Publicado por: Carlos Borges Bahia
Publicado em 14 de junho de 2025

Moraes esqueceu de mencionar: “Em todos esses casos, deve haver perfeita liberdade, legal e social, para realizar a ação e suportar as consequências”.

O ministro Alexandre de Moraes, insiste em citar o pensamento do filósofo inglês, como argumento na sessão do julgamento sobre regulação das redes sociais, porém, de forma distorcida sobre liberdade de expressão.

Segundo o Antagonista, Moraes (foto) faz uso filosofico de John Stuart Mill para rebater os críticos durante o julgamento com o qual o Supremo Tribunal Federal (STF) pretende justificar a decisão de responsabilizar as plataformas de redes social pelos conteúdos publicados por seus usuários.

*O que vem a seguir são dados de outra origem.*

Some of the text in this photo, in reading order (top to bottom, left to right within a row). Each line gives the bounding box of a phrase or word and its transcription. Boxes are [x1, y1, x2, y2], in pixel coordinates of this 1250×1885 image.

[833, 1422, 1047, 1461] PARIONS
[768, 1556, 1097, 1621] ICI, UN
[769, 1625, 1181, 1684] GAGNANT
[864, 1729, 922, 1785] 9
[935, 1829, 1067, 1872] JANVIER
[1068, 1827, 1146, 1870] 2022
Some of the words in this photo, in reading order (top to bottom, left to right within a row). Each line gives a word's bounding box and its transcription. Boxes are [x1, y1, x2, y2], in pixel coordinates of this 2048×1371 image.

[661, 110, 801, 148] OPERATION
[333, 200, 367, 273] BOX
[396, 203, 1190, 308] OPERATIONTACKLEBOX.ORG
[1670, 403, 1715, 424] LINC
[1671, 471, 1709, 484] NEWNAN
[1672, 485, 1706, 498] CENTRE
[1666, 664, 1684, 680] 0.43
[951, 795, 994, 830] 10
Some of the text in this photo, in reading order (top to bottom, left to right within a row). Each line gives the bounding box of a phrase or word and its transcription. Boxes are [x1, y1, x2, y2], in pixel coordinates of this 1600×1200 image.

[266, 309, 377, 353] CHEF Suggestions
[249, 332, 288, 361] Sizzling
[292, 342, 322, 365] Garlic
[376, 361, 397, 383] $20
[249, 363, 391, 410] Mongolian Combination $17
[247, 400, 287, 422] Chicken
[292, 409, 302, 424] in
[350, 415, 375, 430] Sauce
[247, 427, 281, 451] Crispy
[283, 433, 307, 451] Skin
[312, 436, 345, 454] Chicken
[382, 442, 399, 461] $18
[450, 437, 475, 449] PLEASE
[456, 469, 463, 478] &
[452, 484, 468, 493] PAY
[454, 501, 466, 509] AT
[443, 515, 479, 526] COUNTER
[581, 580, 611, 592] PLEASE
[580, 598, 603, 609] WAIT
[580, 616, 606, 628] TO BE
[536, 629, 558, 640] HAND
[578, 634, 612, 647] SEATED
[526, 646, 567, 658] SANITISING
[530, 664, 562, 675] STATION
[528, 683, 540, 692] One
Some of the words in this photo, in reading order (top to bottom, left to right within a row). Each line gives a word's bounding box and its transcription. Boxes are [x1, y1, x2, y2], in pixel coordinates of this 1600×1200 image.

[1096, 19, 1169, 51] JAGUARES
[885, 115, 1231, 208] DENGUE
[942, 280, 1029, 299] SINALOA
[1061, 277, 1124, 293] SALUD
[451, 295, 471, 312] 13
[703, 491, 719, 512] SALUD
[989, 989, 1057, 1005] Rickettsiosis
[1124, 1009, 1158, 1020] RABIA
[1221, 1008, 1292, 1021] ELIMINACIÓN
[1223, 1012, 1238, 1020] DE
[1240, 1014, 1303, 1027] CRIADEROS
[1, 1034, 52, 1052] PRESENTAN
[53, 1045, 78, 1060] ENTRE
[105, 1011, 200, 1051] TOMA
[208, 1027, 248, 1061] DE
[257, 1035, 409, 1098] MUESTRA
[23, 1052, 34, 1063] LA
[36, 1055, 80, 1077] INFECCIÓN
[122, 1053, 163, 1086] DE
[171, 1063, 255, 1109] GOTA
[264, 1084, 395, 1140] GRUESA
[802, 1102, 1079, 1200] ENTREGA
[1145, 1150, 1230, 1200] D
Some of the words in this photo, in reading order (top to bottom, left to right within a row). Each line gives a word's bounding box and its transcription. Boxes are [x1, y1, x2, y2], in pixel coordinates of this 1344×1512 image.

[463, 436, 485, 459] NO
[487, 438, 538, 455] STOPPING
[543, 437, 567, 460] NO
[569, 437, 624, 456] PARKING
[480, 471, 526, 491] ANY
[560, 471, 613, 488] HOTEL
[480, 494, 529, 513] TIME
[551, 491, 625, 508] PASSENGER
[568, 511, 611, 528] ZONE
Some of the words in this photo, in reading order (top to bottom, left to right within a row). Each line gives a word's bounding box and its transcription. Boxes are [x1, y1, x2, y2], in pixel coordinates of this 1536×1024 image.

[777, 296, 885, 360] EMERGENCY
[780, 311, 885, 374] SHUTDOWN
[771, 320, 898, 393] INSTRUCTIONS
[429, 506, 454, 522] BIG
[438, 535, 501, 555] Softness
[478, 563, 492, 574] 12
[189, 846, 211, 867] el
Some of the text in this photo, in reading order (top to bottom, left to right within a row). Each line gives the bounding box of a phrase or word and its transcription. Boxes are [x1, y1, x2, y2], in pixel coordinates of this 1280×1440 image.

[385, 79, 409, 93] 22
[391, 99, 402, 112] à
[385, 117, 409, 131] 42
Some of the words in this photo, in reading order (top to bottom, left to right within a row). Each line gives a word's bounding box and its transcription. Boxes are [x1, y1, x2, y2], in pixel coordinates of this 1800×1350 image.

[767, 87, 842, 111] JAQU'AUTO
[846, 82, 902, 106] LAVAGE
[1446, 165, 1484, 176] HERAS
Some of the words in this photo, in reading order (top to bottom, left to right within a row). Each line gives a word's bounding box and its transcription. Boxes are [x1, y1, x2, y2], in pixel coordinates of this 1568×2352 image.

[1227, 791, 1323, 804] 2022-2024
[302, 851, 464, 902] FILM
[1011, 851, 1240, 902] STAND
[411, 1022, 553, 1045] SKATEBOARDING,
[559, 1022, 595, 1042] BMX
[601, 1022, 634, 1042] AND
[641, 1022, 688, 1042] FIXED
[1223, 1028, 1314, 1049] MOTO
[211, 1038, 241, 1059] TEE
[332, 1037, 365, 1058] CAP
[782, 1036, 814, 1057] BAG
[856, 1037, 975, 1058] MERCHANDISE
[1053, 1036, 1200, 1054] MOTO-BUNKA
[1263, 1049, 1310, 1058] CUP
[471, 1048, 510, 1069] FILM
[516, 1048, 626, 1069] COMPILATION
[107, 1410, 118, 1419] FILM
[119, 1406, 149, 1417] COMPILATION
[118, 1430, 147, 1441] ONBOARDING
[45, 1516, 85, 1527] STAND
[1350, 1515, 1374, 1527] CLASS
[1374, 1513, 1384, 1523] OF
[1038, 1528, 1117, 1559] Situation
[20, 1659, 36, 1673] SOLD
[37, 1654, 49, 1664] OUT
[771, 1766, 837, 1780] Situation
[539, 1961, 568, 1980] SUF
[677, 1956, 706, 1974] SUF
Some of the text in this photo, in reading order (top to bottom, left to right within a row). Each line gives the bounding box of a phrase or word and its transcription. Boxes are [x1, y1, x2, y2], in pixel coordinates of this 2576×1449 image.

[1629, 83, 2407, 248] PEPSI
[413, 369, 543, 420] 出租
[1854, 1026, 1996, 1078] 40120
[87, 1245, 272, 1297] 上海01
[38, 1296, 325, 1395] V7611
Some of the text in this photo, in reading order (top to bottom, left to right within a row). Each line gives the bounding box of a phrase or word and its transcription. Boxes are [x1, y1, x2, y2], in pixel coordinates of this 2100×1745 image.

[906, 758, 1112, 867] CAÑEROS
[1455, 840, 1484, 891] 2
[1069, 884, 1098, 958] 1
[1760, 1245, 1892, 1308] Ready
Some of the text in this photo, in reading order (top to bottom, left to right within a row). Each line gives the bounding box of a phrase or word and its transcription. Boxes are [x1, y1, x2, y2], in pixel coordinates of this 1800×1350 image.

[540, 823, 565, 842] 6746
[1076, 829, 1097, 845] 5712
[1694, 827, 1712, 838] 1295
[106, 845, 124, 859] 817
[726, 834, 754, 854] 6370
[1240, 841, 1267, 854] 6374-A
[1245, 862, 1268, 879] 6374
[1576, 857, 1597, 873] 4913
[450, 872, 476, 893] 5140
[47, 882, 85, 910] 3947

Denny Xavier, PhD em filosofia, explica que Moraes não levou em consideração elementos balilares da obra de Stuart Mill, ao usar citá-lo para fundamentar seu argumento do motivo da regulação das redes sociais pela Suprema Corte.

O ministro do STF confundiu ato (discutido no capítulo IV, “Dos limites da autoridade da sociedade sobre o indivíduo”) com expressão da opinião (discutida no capítulo II, “Da liberdade de pensamento e discussão”) ao citar trechos de Sobre Liberdade, que Moraes já tinha mencionado de forma errada ao tentar justificar a suspensão do X no Brasil.

É pior

Mas é pior do que isso: Moraes fez uma citação incompleta, deixando de fora um trecho crucial, que contraria sua posição, já majoritária no STF, de considerar inconstitucional o artigo 19 do Marco Civil da Internet, que prevê a mediação da Justiça para a moderação de conteúdos alegadamente prejudiciais a terceiros nas redes sociais.

“Stuarl Mill diz, ao defender a liberdade de expressão: ‘a única liberdade que merece esse nome é a de buscar o nosso próprio bem, da nossa própria maneira, contanto que não tentemos privar os outros do seu próprio bem ou impedir seus esforços para obtê-los’”, disse o ministro, seguindo:

“‘A humanidade’, e sempre em defesa da liberdade de expressão, como todos aqui no Supremo Tribunal Federal são, ‘a humanidade’, disse Stuart Mill, ‘ganha mais tolerando que cada um viva como lhe pareça bom, do que os forçando a viver como parece bom aos demais. Segue a liberdade dentro dos mesmos limites de combinação entre indivíduos. Liberdade para se unir para algum propósito, não envolvendo dano aos outros’. Repito: ‘não envolvendo danos aos outros’.”

Moraes finalizou assim a citação:

“E conclui: ‘tão logo que qualquer parte da conduta de alguém influencia de modo prejudicial os interesses de outros, a sociedade adquire jurisdição sobre tal conduta, e a questão de saber se essa interferência favorecerá ou não o bem-estar’. Repito essa última parte: ‘tão logo que qualquer parte da conduta de alguém influencie de modo prejudicial os interesses de outros, a sociedade adquire jurisdição’.”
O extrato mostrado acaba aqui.